Collected data:
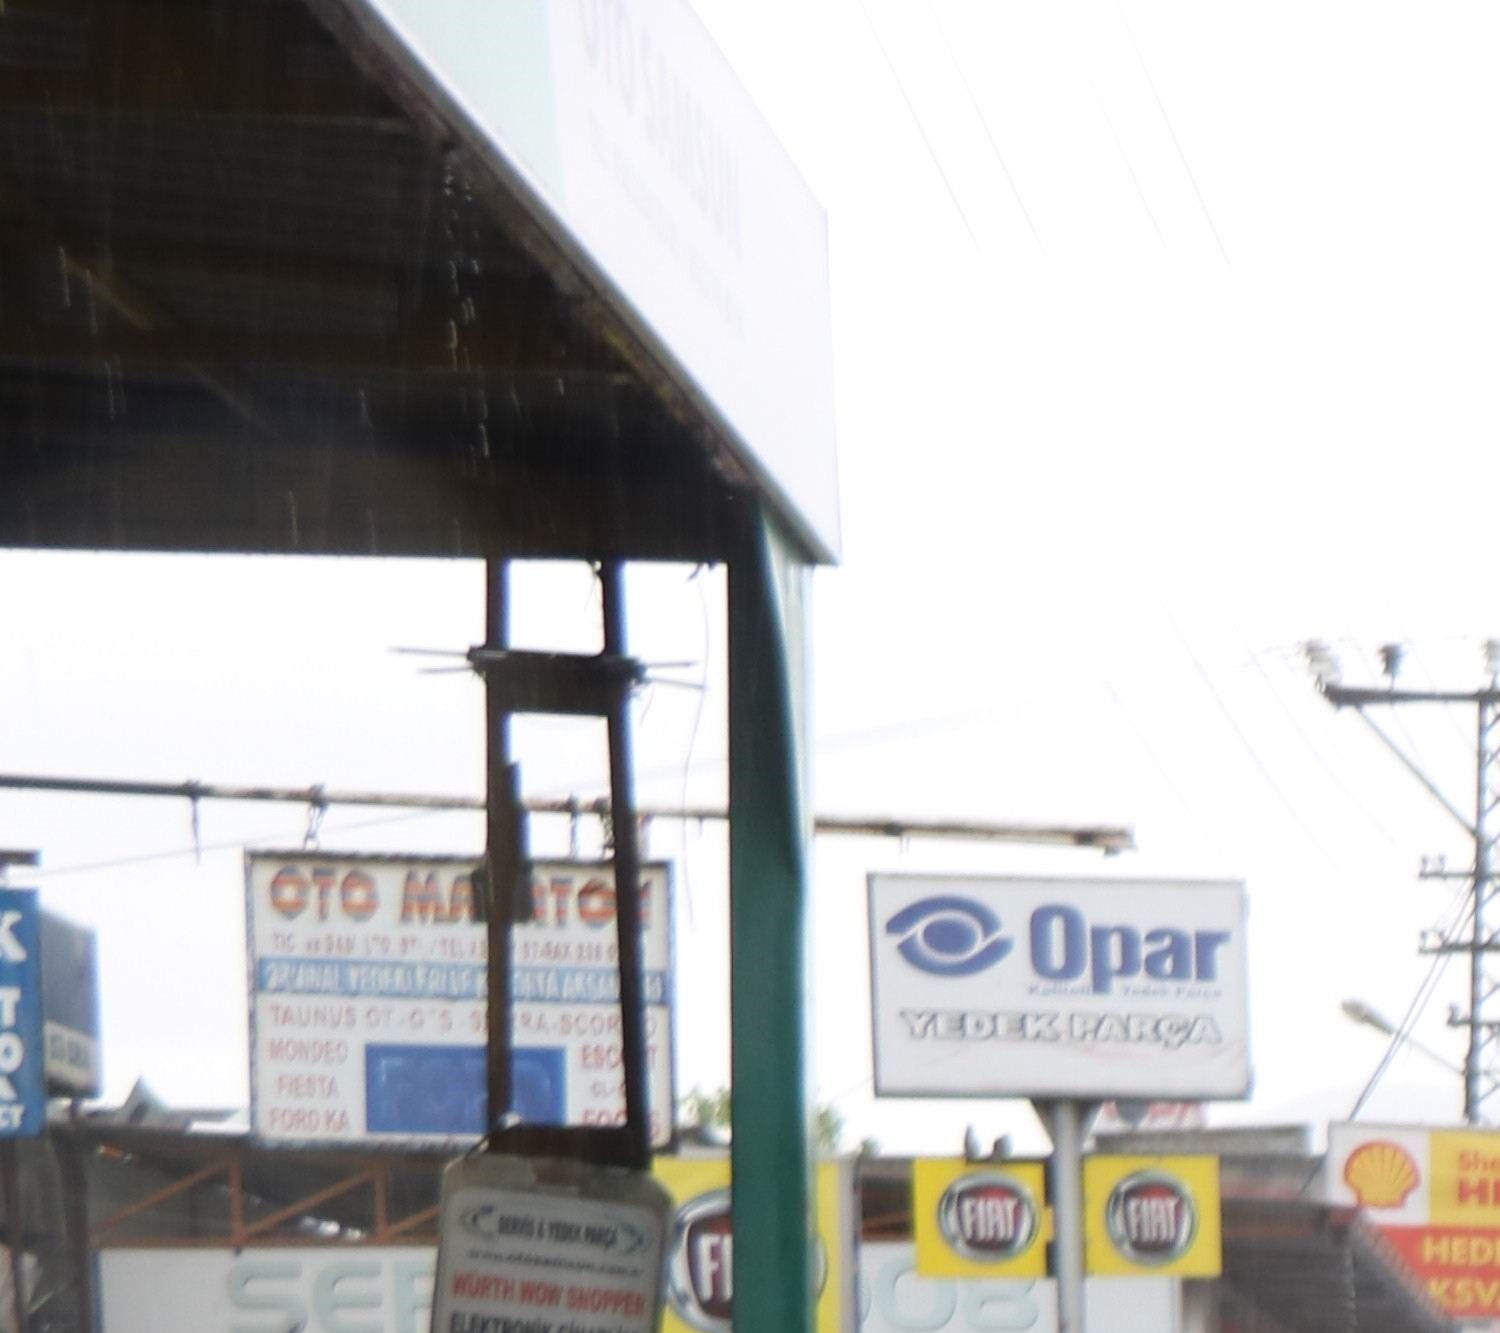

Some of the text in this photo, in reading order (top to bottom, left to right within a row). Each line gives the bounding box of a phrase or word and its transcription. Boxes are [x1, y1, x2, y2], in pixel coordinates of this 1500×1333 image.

[268, 866, 379, 921] OTO
[1029, 903, 1231, 995] Opar
[899, 1009, 1223, 1050] YEDEK PARÇA
[268, 1039, 348, 1065] MONDEO
[276, 1075, 338, 1098] FIESTA
[961, 1198, 1017, 1241] FIAT
[1126, 1197, 1180, 1242] FIAT
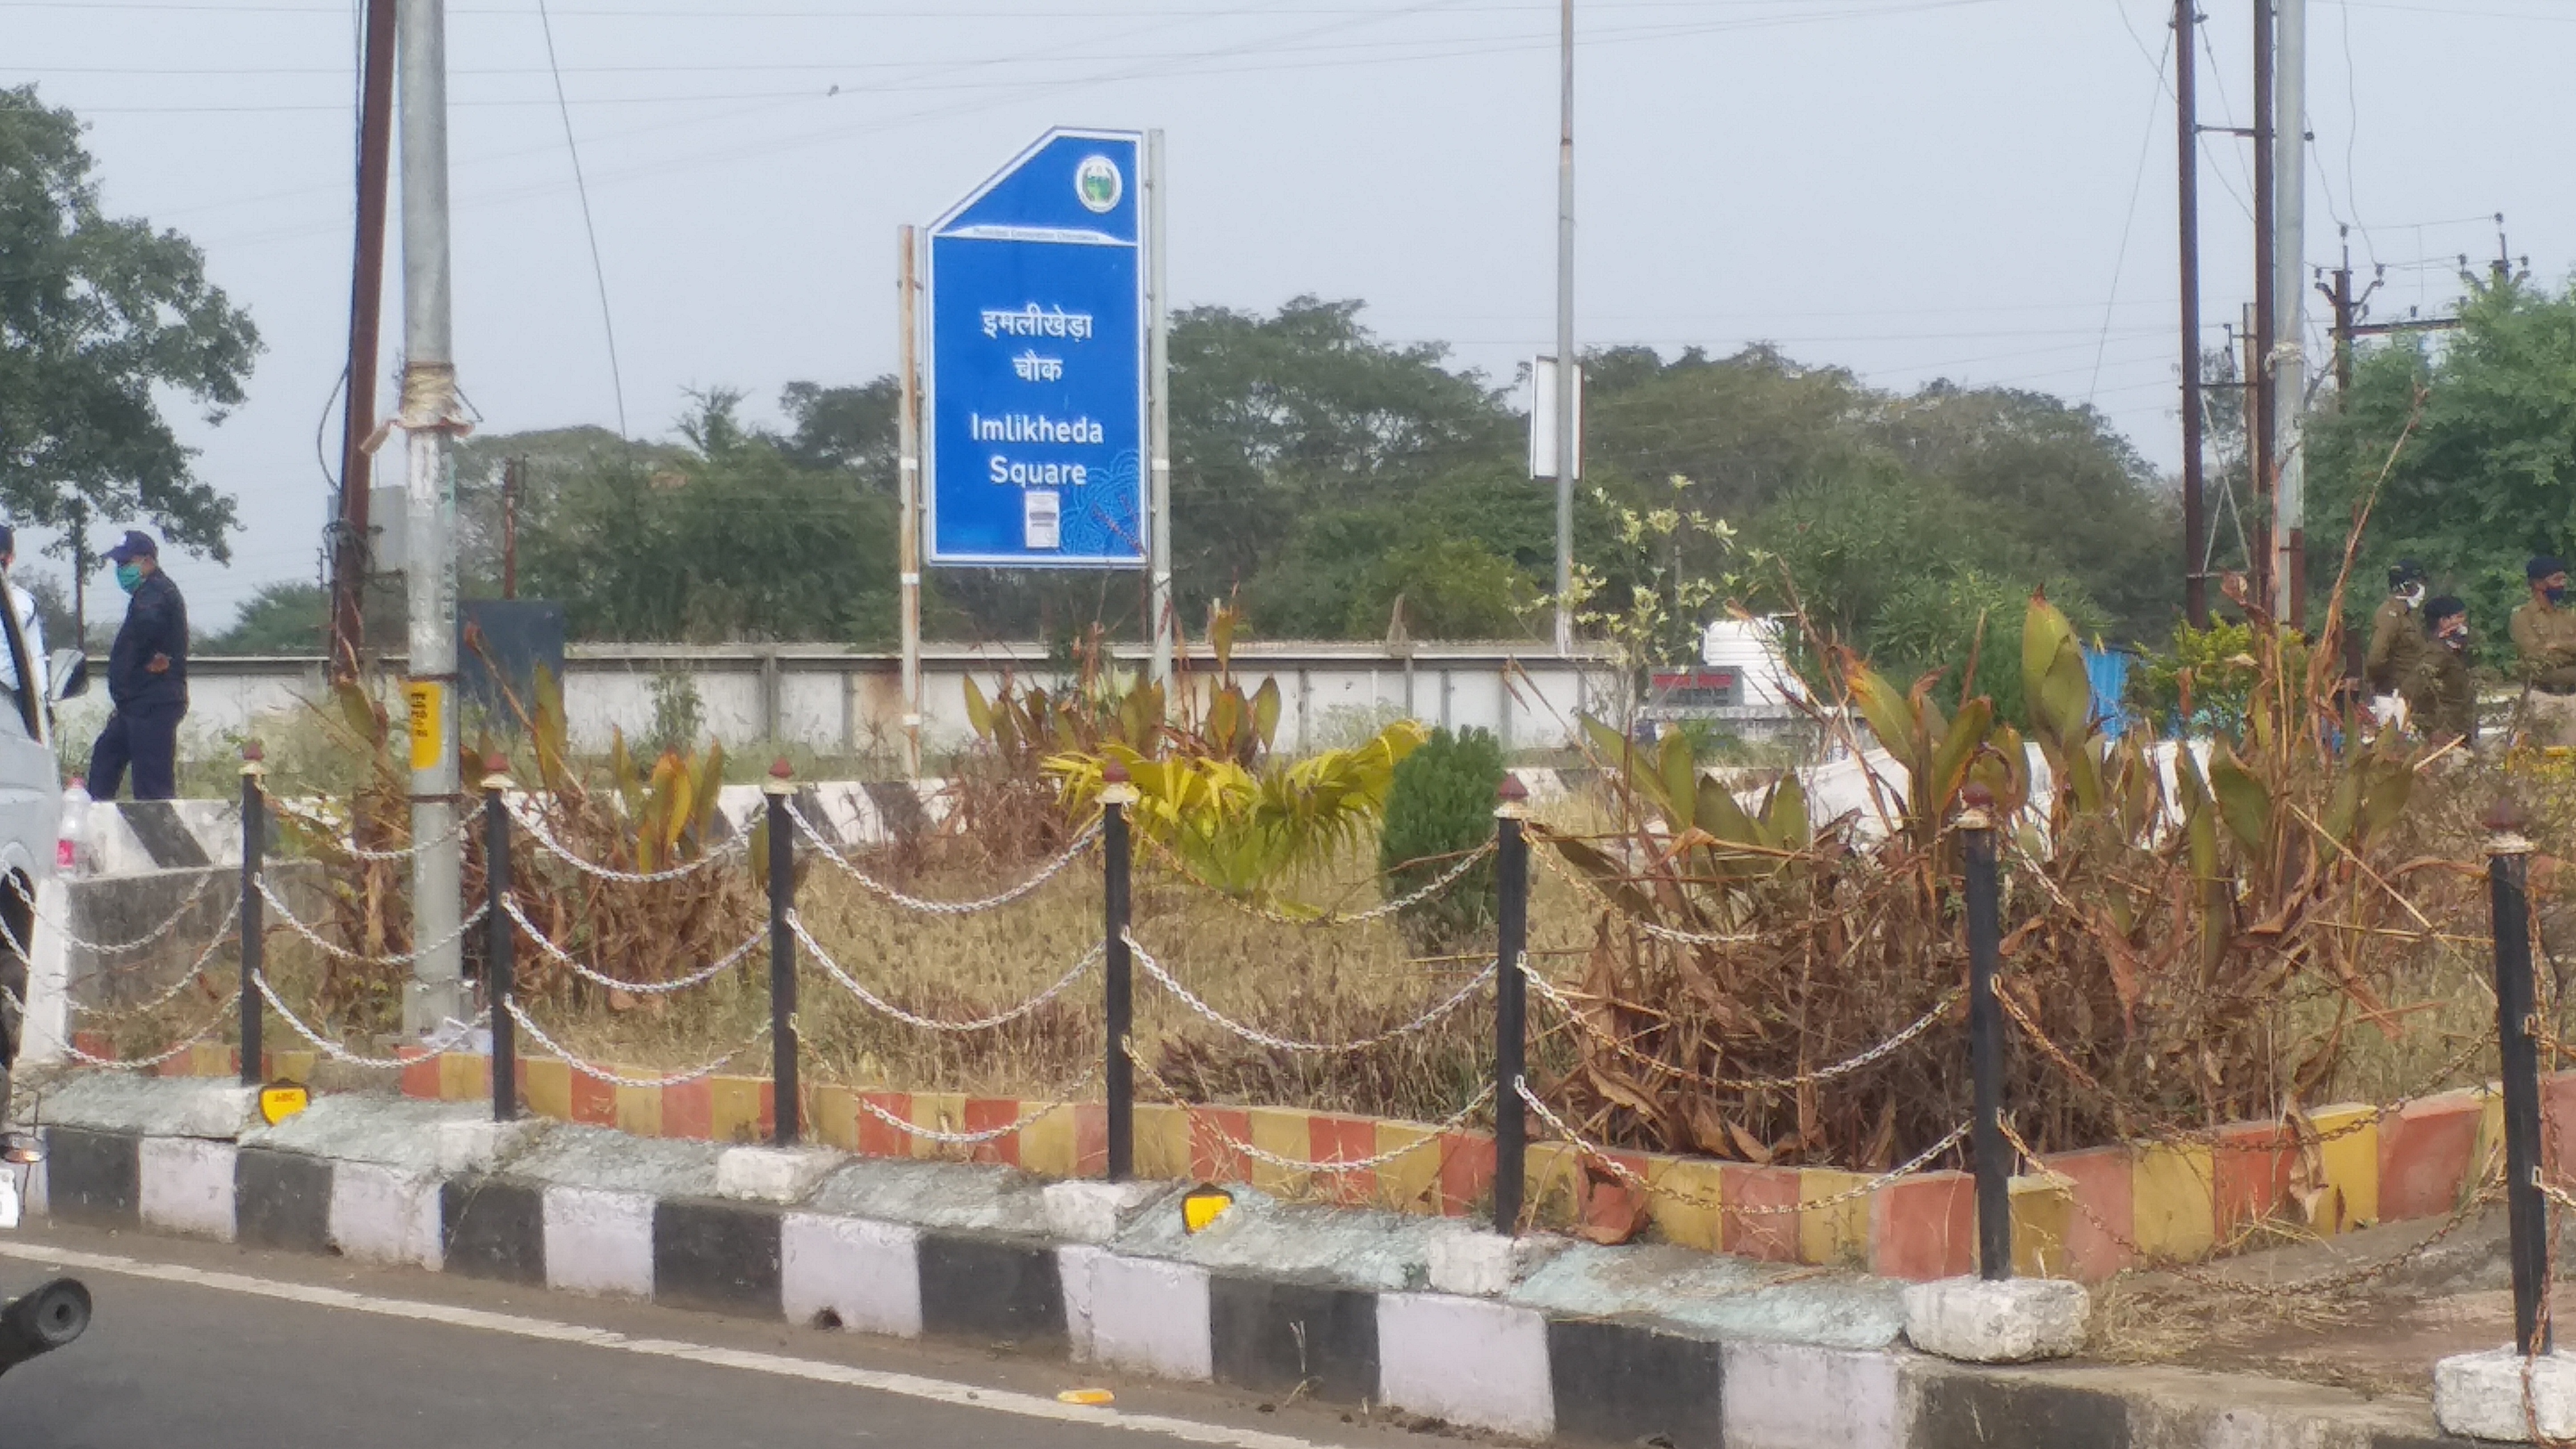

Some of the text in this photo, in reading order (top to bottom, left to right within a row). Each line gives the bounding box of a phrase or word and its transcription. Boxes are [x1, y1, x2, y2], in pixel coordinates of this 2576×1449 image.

[981, 304, 1093, 343] इमलीखेड़ा
[1012, 348, 1063, 382] चौक
[972, 413, 1104, 444] Imlikheda
[991, 455, 1087, 488] Square

What the task asks
Without the pictures, write out every line above exactly as it appears.

Result of this task
Some of the text in this photo, in reading order (top to bottom, left to right within a row). Each line gives the bounding box of a phrase or word and its transcription. Boxes are [x1, y1, x2, y2], in pixel coordinates of this 1500×1333 image.

[268, 866, 379, 921] OTO
[1029, 903, 1231, 995] Opar
[899, 1009, 1223, 1050] YEDEK PARÇA
[268, 1039, 348, 1065] MONDEO
[276, 1075, 338, 1098] FIESTA
[961, 1198, 1017, 1241] FIAT
[1126, 1197, 1180, 1242] FIAT

Some of the text in this photo, in reading order (top to bottom, left to right within a row). Each line gives the bounding box of a phrase or word and its transcription. Boxes are [x1, y1, x2, y2], in pixel coordinates of this 2576×1449 image.

[981, 304, 1093, 343] इमलीखेड़ा
[1012, 348, 1063, 382] चौक
[972, 413, 1104, 444] Imlikheda
[991, 455, 1087, 488] Square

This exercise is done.